В продолжение структурализма Ф. Де Соссюра и трансформализма Н. Хомского в последние десятилетия прагматика утвердилась в качестве самостоятельной области лингвистических исследований. Однако в рамках этого направления порой недооценивается тот факт, что люди вступают в коммуникацию для достижения некого результата, и их вербальное взаимодействие происходит в строго определенных ситуациях. В виде своего главного объекта лингвистическая прагматика позиционирует диалог. Именно в диалогической форме особенно ясно проявляют себя такие динамичные формы межличностной коммуникации, как вопрос, ответ, сообщение, молитва, приветствие, намек, приказ, убеждение, обида, угроза и т. д. В рамках вербального общения особенно важно различать грань между тем, что говориться и что подразумевается, своего рода, между эксплицитной формой и имплицитной. Потаенная цель разговора – важнейший фактор, в конечном счете определяющий истинного значение всего сказанного. Если слово и действие не совпадают, то истинная интенция говорящего может как начисто ускользать от нас, так и проясниться, благодаря той манере, тому отношению, с которыми слово было произнесено.

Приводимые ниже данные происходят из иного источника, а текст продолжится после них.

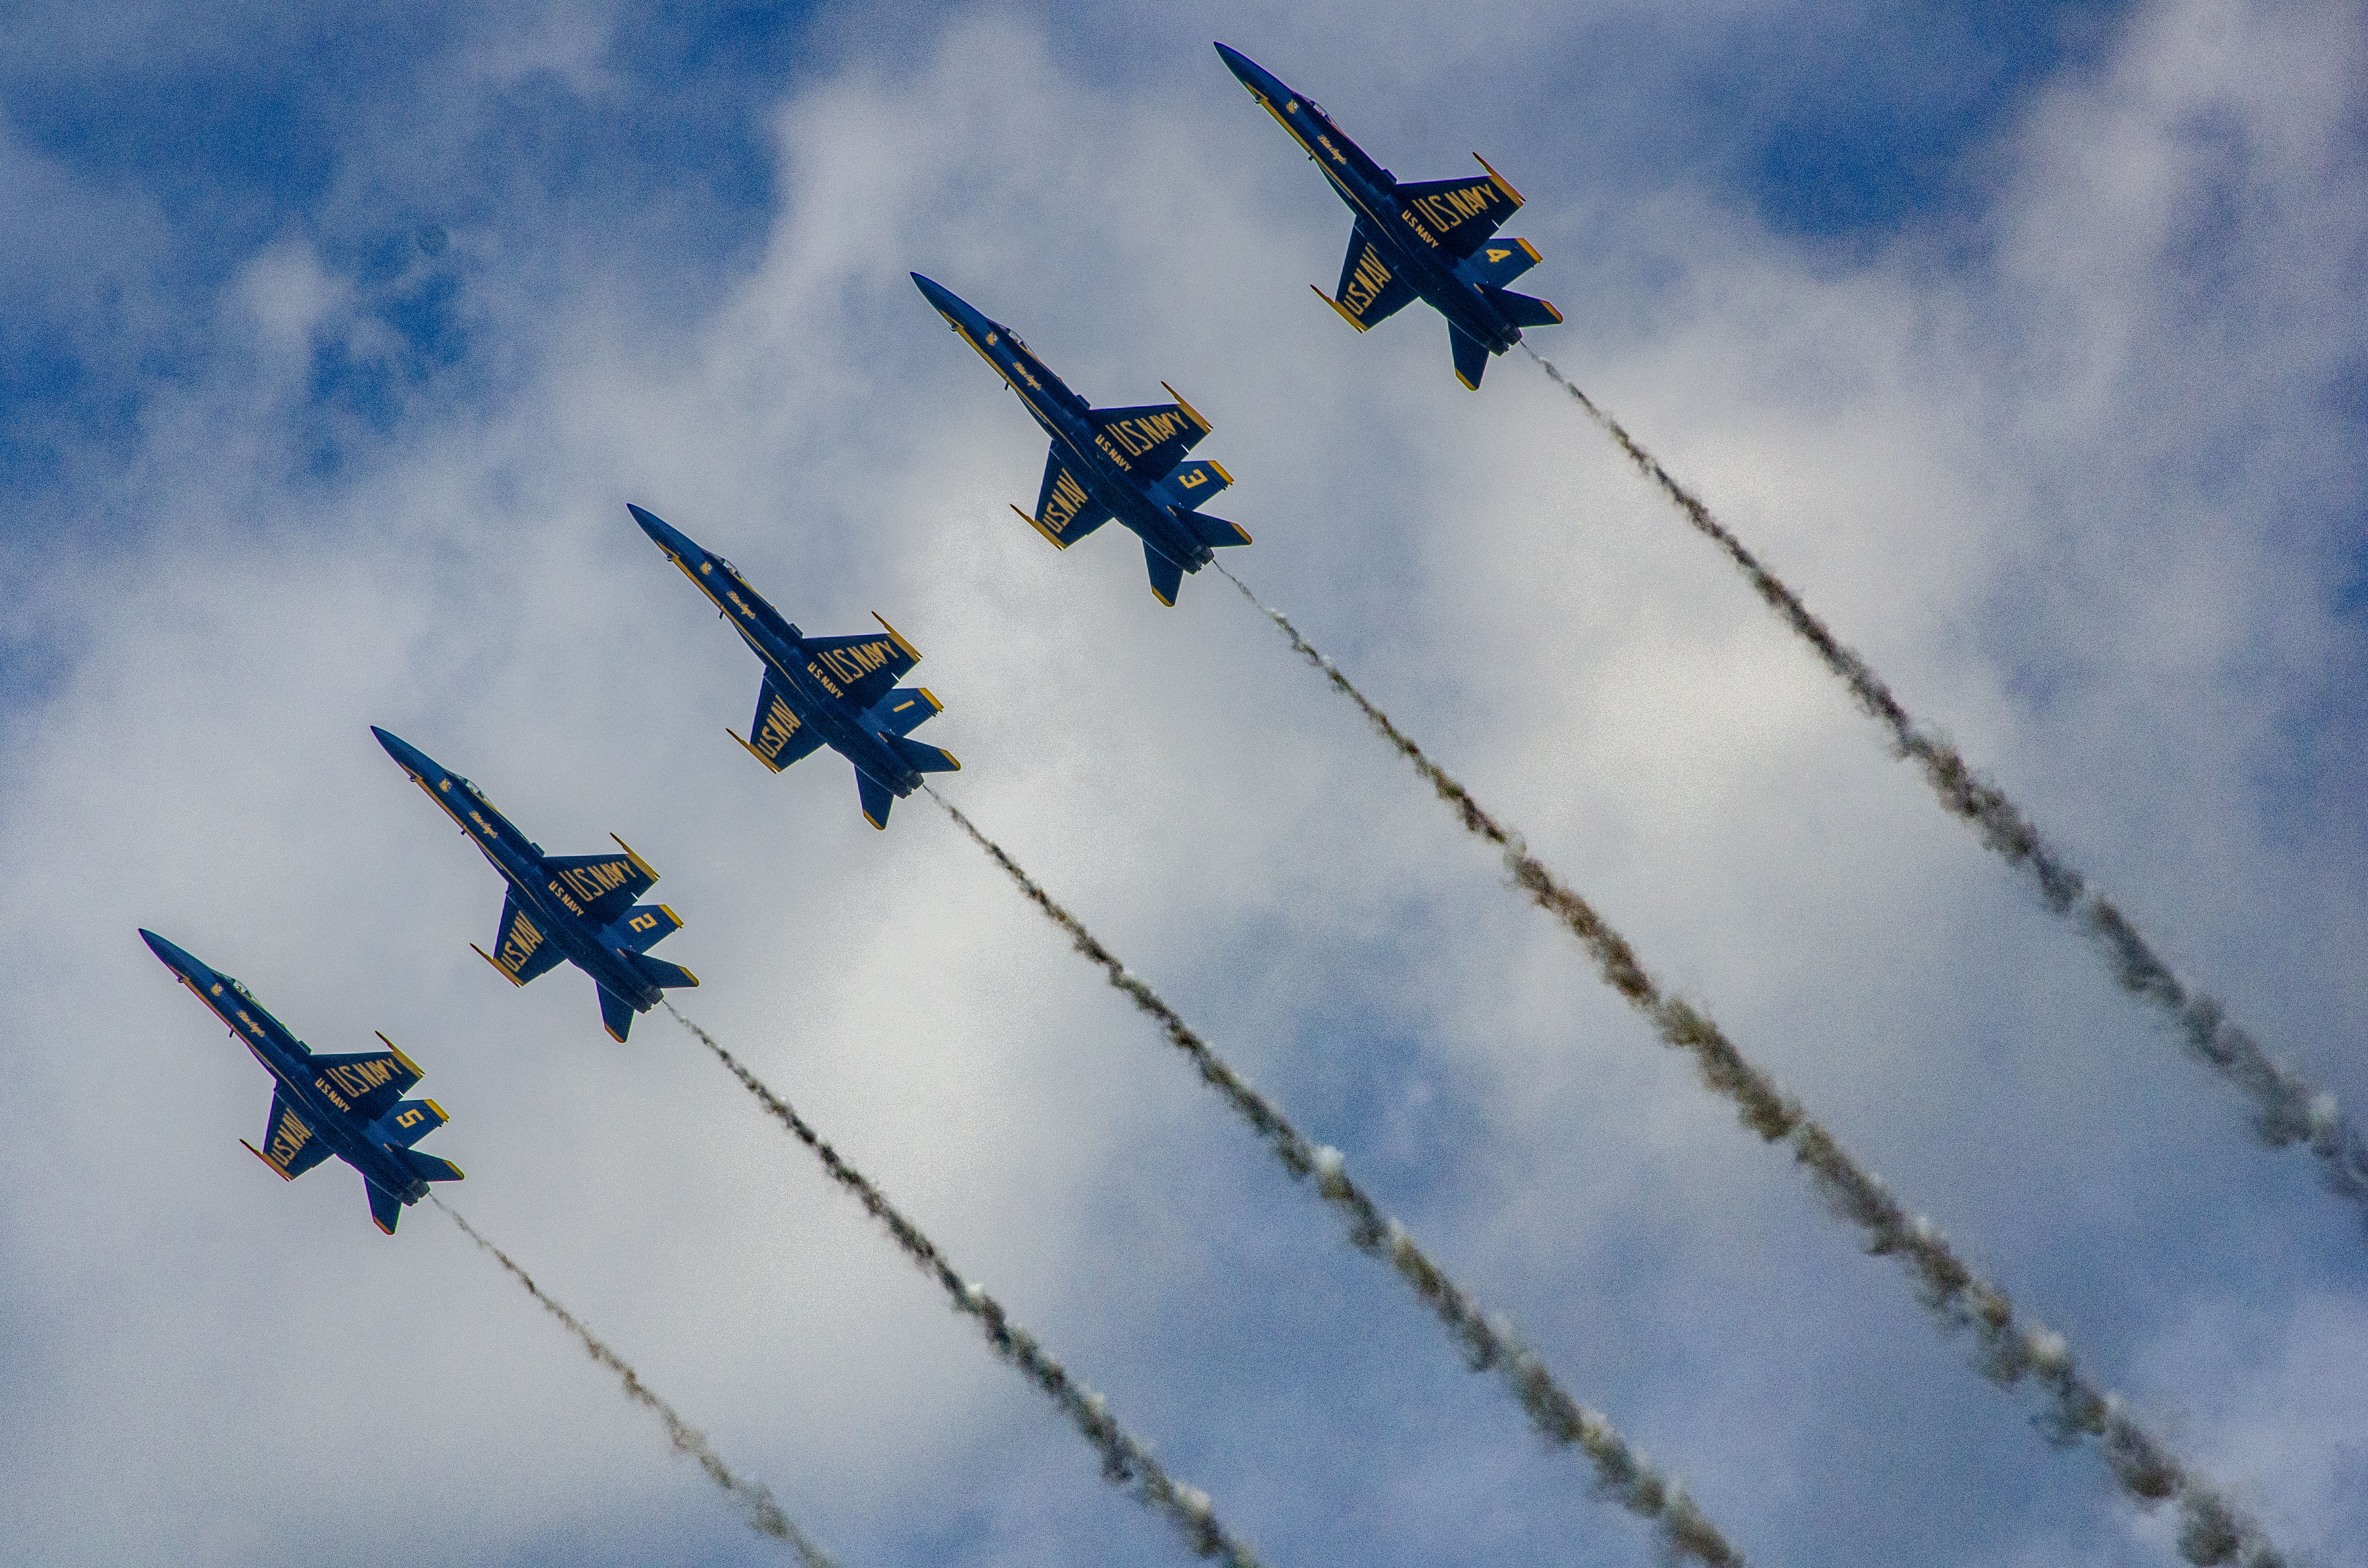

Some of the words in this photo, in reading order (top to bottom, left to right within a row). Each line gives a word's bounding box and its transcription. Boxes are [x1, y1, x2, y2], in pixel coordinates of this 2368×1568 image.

[1444, 184, 1499, 219] NAVY
[1415, 224, 1439, 248] NAVY
[1486, 249, 1511, 263] 4
[1354, 242, 1392, 298] NAV
[1135, 411, 1188, 444] NAVY
[1108, 448, 1132, 471] NAVY
[1178, 469, 1208, 489] 3
[847, 641, 899, 673] NAVY
[821, 676, 844, 698] NAVY
[893, 700, 915, 712] 1
[587, 861, 637, 890] NAVY
[561, 894, 584, 917] NAVY
[629, 913, 658, 932] 2
[352, 1058, 402, 1088] NAVY
[328, 1090, 350, 1113] NAVY
[396, 1109, 425, 1128] 5

Обозначая грань между тем, что говориться и что подразумевается, т. е. между эксплицитным формой и имплицитным смыслами текста, обратимся к известному эпизоду встречи дона Родриго и фра Кристофоро в шестой главе «Обрученных»: «Чем могу служить? – сказал дон Родриго, остановившись посредине комнаты. Так прозвучали его слова, но интонация, с которой они были произнесены, явно говорила: “Помни, кто перед тобой, взвешивай свои слова, и – покороче”»[310]

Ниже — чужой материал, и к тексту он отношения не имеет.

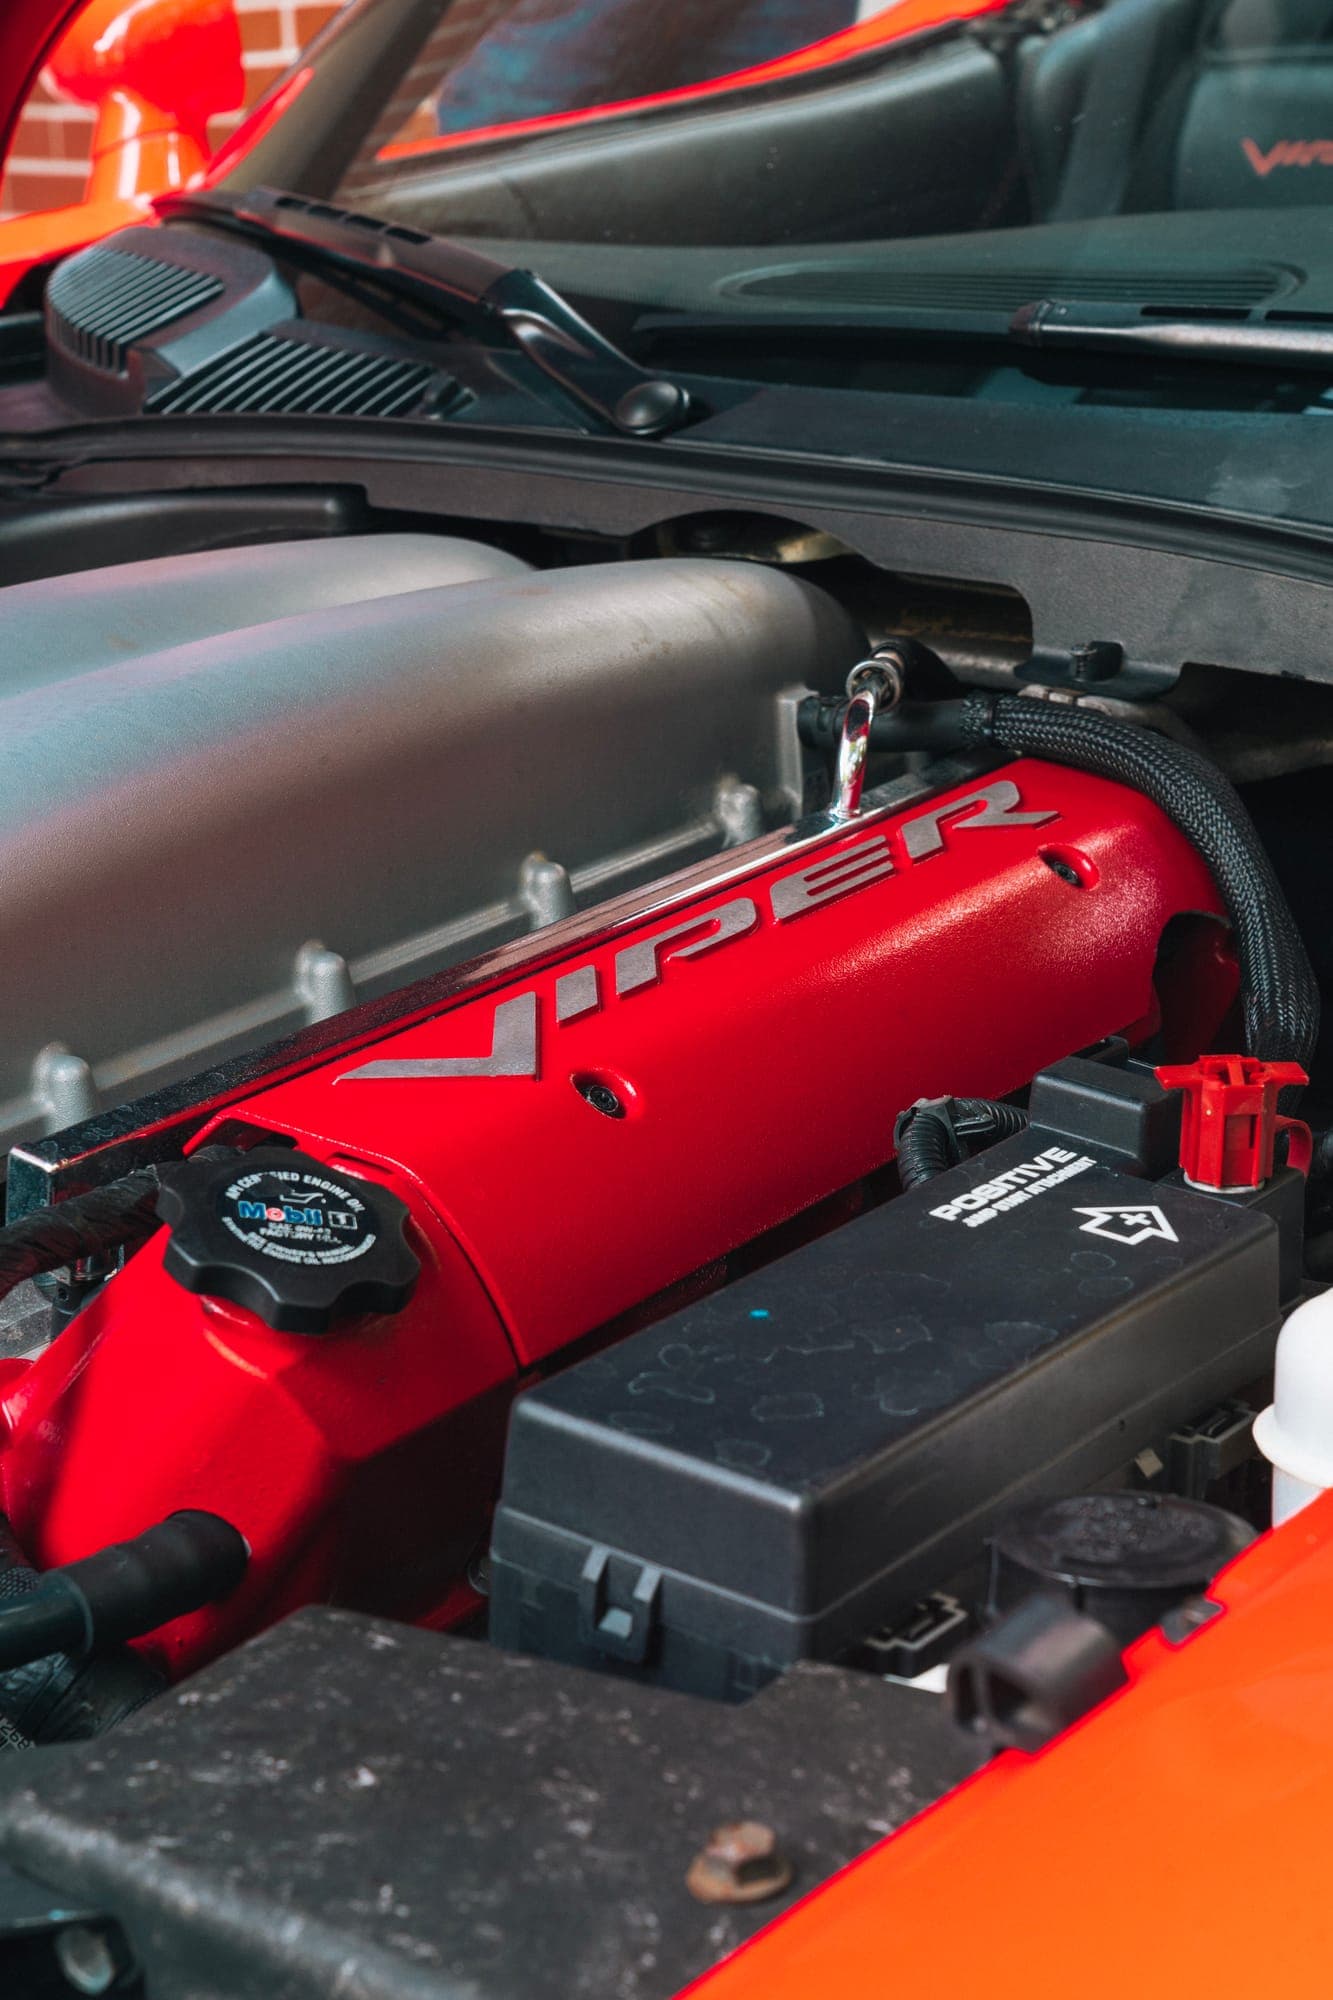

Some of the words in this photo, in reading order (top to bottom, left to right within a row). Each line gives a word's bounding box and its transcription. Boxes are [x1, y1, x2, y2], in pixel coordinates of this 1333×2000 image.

. В оригинальном тексте особенно обращает на себя внимание не только контраст между формой обращения и сущностью ее подтекста, но и резкий переход от сказанного обращения на «Вы» к подразумеваемому «ты» в целой серии глаголов повелительного наклонения. Таким образом перед нами оппозиция между поверхностным уровнем диалога и уровнем более глубоким, между звучанием слов и их интенциональной заряженностью. Особенно сильно проявляется значимость данной характеристики в театральном или кинематографическом действии: содержание персонажа не исчерпывается тем или иным текстом его роли, но дополняется действием, и действие начинает преобладать над вербальным актом. В этом смысле, выражаясь условно, очевидная театральность романа Мандзони может быть противопоставлена фотографичности произведений Достоевского. Каждый диалог или монолог у Достоевского устремлены к метафизическому раскрытию личности героя. Разумеется, будем учитывать и сам принцип толкования, позволяющий понимать смысл тех или иных встреч (фраз) только в свете других событий, вплетенных в канву произведения. Именно этот пример раскрытия глубинного смысла, протяженного во времени и пространстве, представляют собой эпизоды встречи старца Зосимы с семьей Карамазавых и впоследствии еще три встречи: отца и каждого из братьев – с Алешей. Однако здесь речь идет скорее о горизонтальной связи, где смысл сказанного постепенно проявляется через развитие дальнейших событий, через высказывания других героев, но где почти невозможно извлечь тот же смысл немедленно из тона голоса, из точного движения героя – такова специфика повествования. Подтверждением тому может служить эмоционально насыщенный эпизод встречи Грушеньки и Екатерины Ивановны. Истинные чувства и намерения Грушеньки, продиктованные обидой и язвительной горечью, открываются только благодаря ее же словам, которые следуют за потоком разыгранных заискивающих и нежных обращений. У Достоевского расстояние между имплицитным и эксплицитным присутствием смысла ощутимо лишь там, где персонаж лжет осознанно, желая солгать, и там, где герой остается наедине с самосознанием, углубляется в рефлексию о прошлых действиях. Сама «мастерская» диалога при этом читателю не явлена, как это происходит у Мандзони. Так, полифония романов Достоевского, о которой говорил М.М. Бахтин, остается именно полифонией, а не диалогом.